Faith of our Family: England vs. America

Faith of Our Family

Faith of Our Family

One of the greatest adventures of marrying an English Catholic and raising our hybrid Yank/Brit children in the Faith has been exposing them to the richness found in both the English and American Catholic Churches.  When I studied there, as a Hispanic Californian, I felt happily “at home” with the English Catholics and my husband has fit in pretty well out here in California where the demographics of the Church are very demonstratively not English.

Having lived in each other’s respective Churches, a nice organic overlap between English Catholicism and American Catholicism has arisen in our home.  It surfaces in different, novel ways.

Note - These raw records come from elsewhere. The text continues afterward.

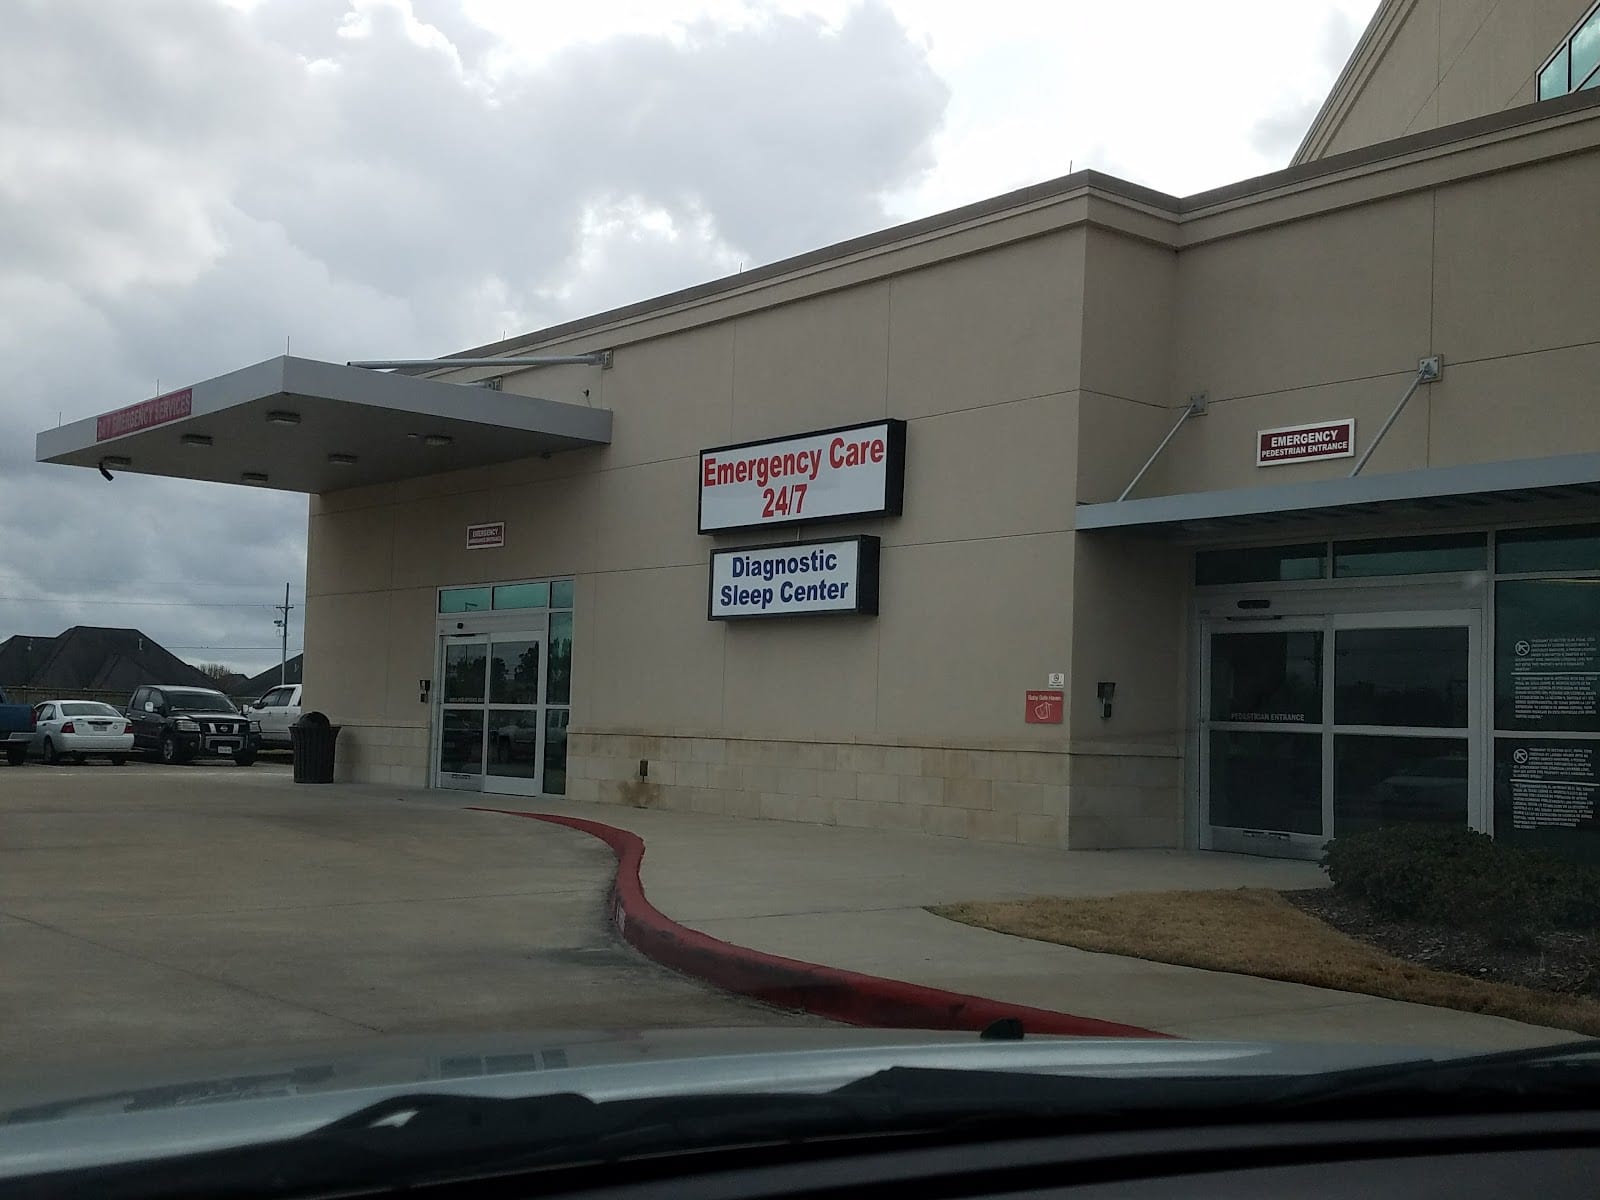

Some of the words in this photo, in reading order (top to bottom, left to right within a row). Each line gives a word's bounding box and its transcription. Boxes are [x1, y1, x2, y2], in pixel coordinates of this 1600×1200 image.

[1262, 446, 1306, 458] PEDESTRIAN
[1308, 441, 1347, 452] ENTRANCE
[1271, 430, 1338, 447] EMERGENCY
[704, 449, 822, 487] Emergency
[829, 438, 884, 469] Care
[762, 484, 807, 517] 24/7
[732, 550, 837, 581] Diagnostic
[721, 585, 773, 609] Sleep
[780, 579, 848, 602] Center
[1270, 713, 1304, 721] ENTRANCE

For instance, the “Amen.”  Americans say “Amen” with a long “a” sound. The English say “AH-men.”  While at Oxford, it rubbed off on me in a big way.  I still feel a bit snobby for saying it that way, but I still do it, aware that most of Christendom and Latin America also say it that way.  The kids say both at different times and it’s kind of fun to watch.

Our Lady of Guadalupe and St. Thomas More live in our home.  She, in a framed gold picture, he as a fridge magnet.  But hey, to each according to their station, right?

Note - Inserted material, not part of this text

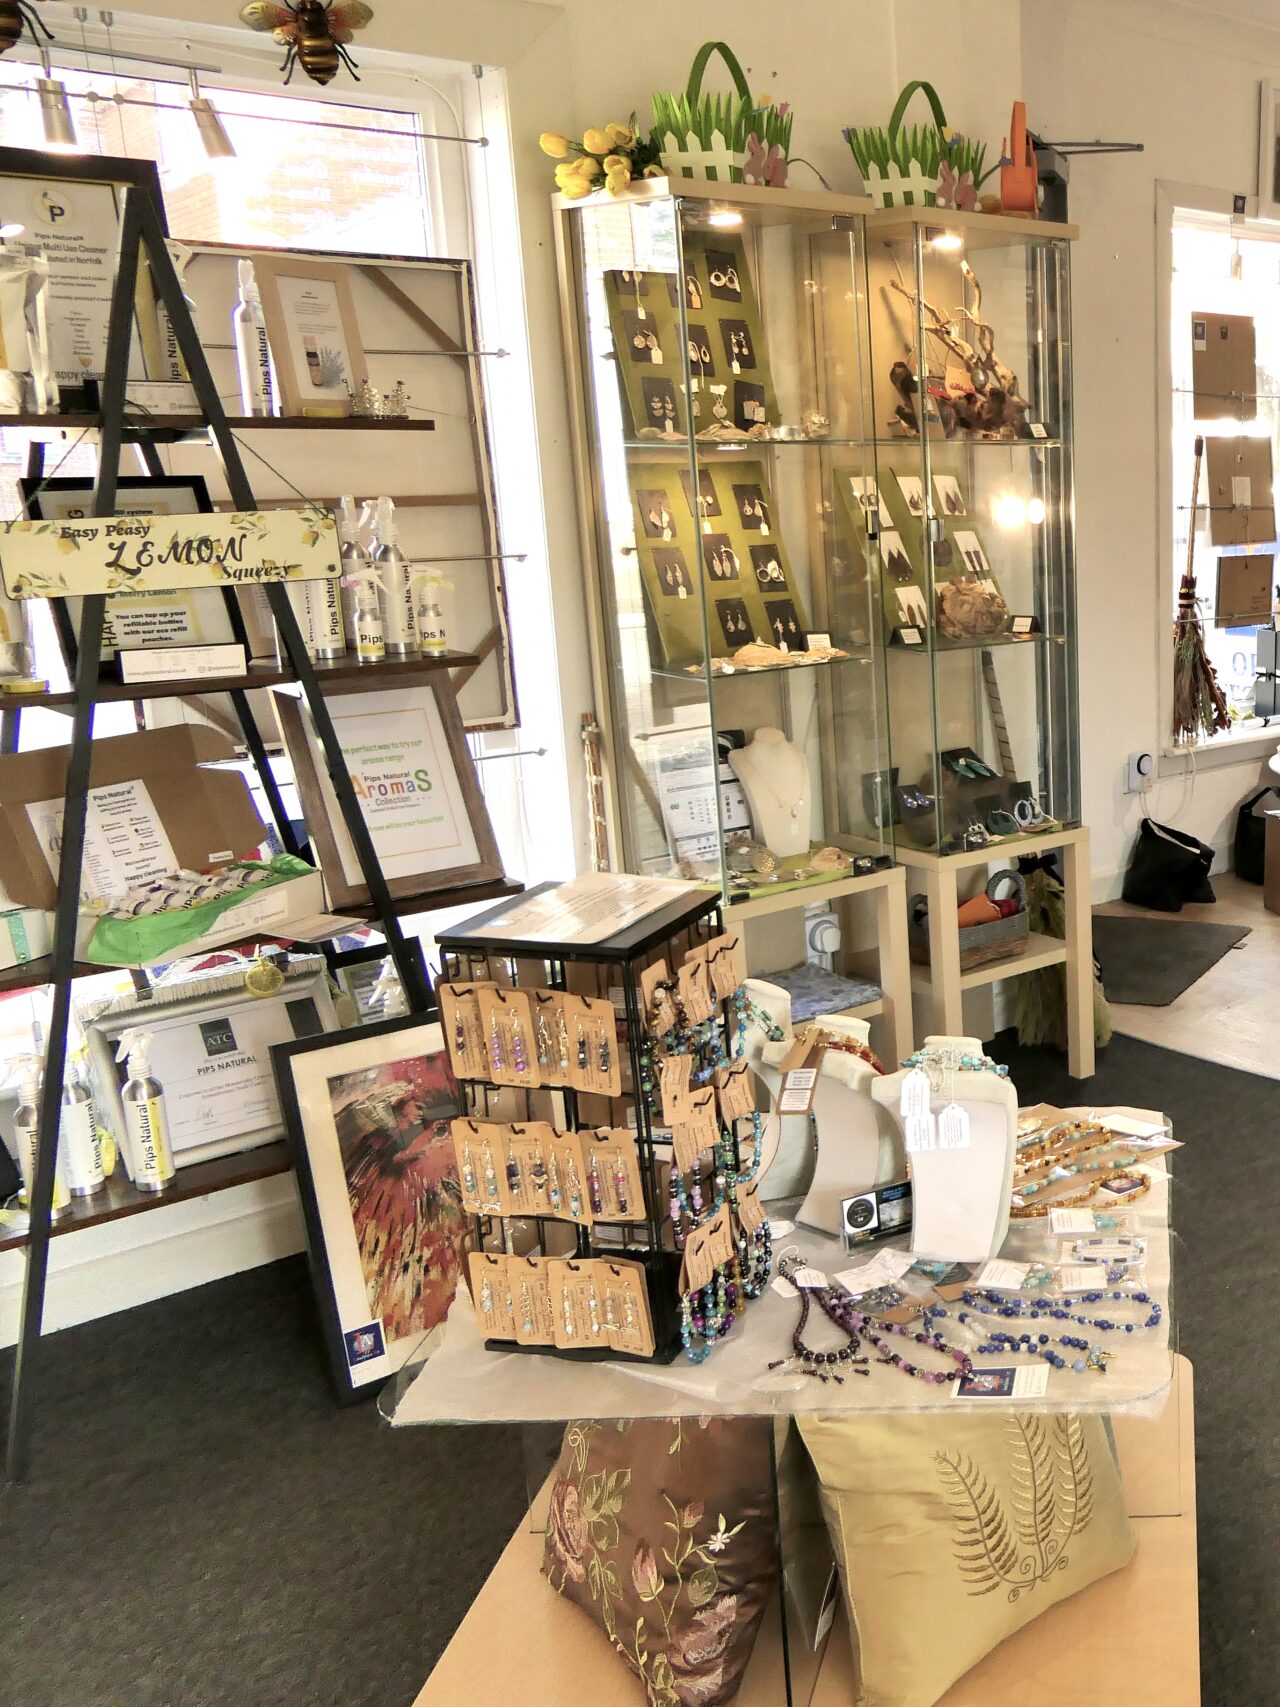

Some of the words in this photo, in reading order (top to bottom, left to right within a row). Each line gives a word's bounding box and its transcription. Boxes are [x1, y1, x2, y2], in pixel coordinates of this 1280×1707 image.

Every time we attend mass in England we get to practice singing the whole song!  It’s England.  So if a song has four verses, we sing those four verses.  None of this slicing up the closing hymn, stuff.  At least not in any English mass I’ve ever attended.

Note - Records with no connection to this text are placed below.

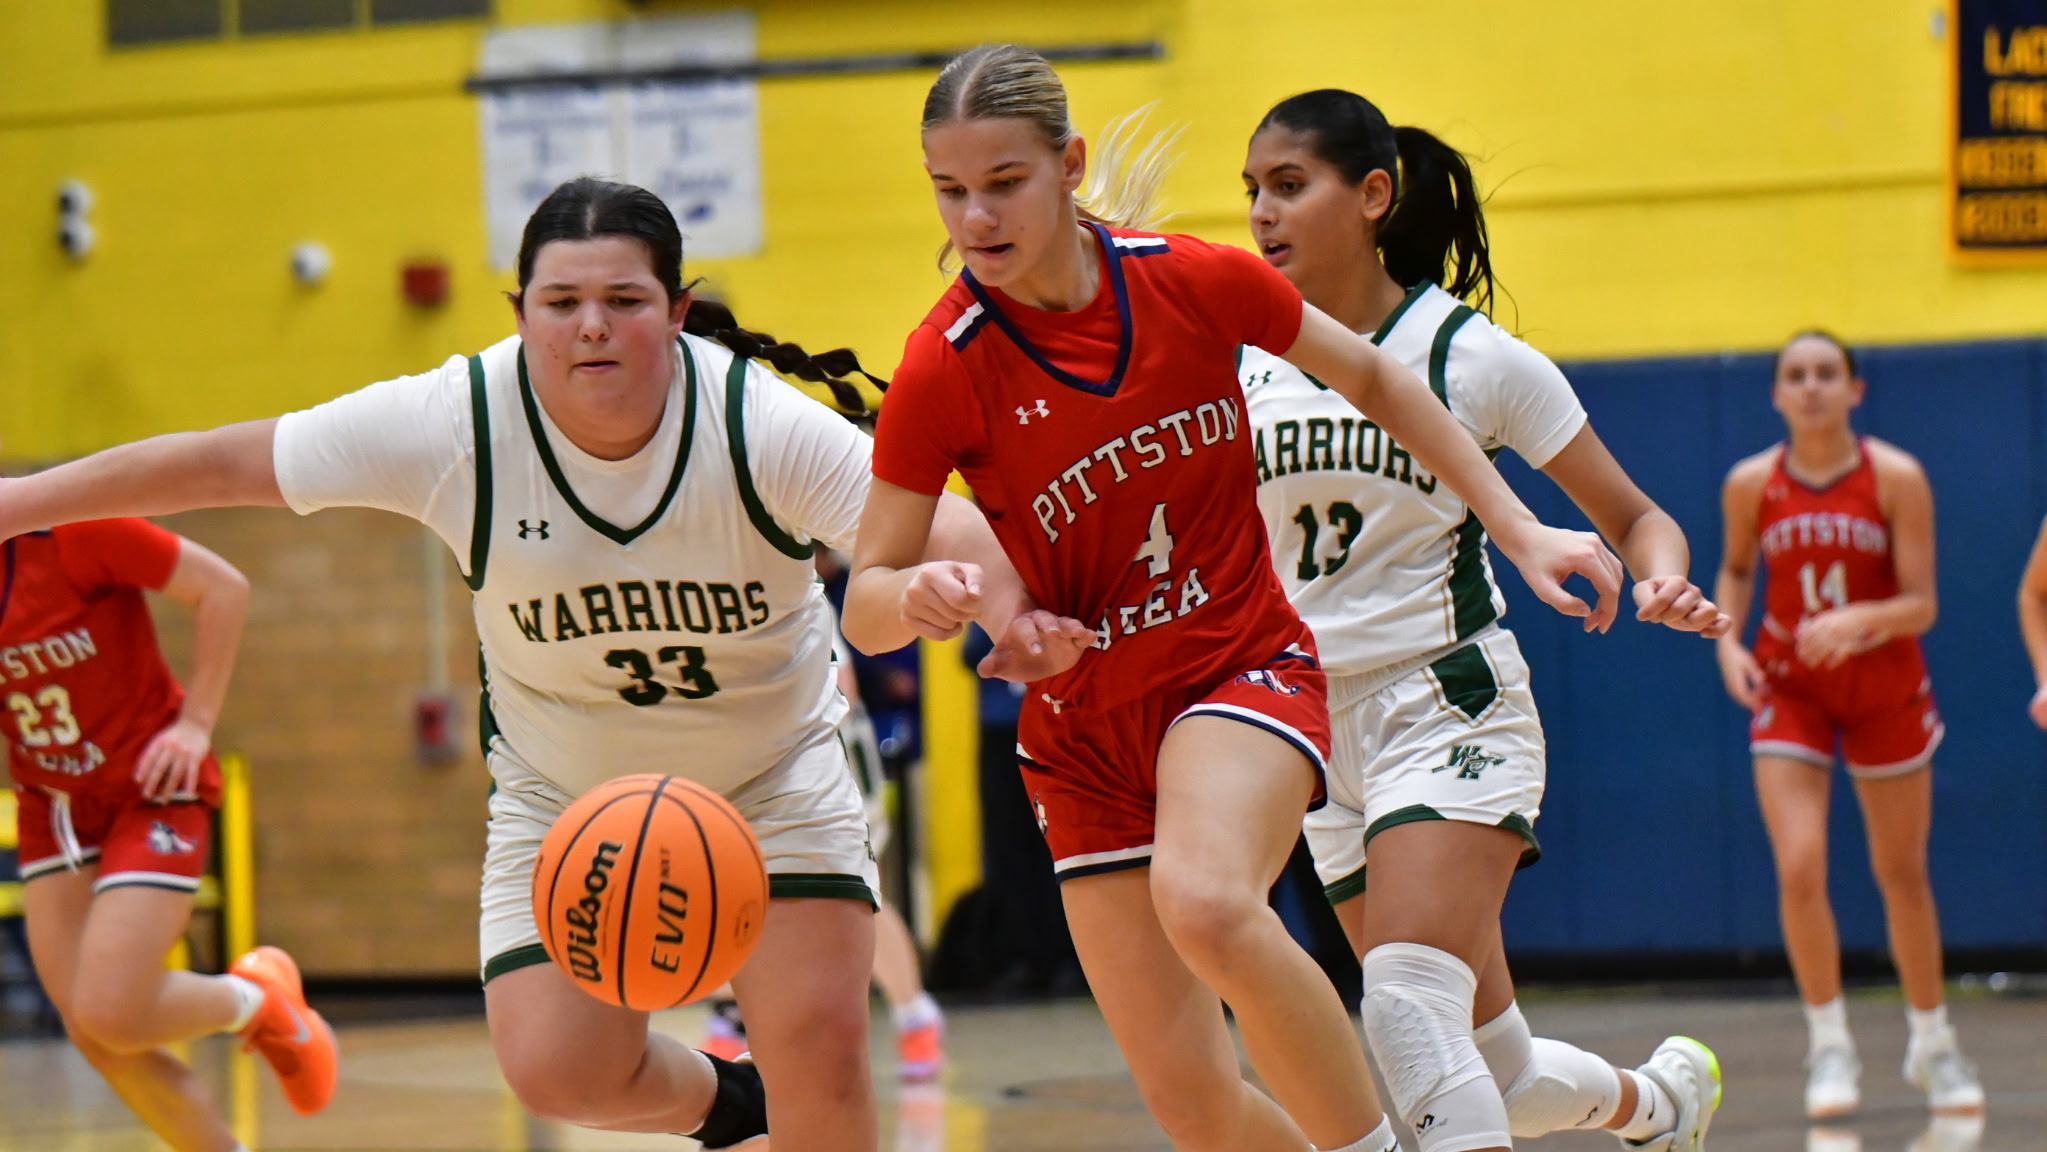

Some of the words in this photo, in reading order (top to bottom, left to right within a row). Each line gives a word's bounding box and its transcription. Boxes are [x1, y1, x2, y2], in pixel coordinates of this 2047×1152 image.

[1032, 397, 1239, 544] PITTSTON
[1255, 418, 1437, 495] ARRIOR
[1133, 502, 1175, 579] 4
[1292, 501, 1363, 581] 13
[508, 580, 769, 643] WARRIORS
[1799, 562, 1849, 614] 14
[0, 628, 98, 684] STON
[603, 646, 720, 707] 33
[8, 685, 80, 746] 23
[566, 840, 624, 982] Wilson

Over there, abstinence from meat on Fridays is back…in the country where the fish and chips are awesome and we look forward to indulging when we visit.  What a sacrifice.  Go England.

My kids get to witness firsthand that the Church’s liturgy is the same everywhere.  So they have no excuse not to participate no matter where we are.

Their Churches are older… and prettier. Many are currently protestant because of this big To-Do that happened in the 16th century called the Reformation.  But I never miss the chance to go see a big, ancient one whenever we visit and I make sure to remind the kids that once-upon-a-time, they all used to be ours (and more theirs than mine, because they have their father’s genes.)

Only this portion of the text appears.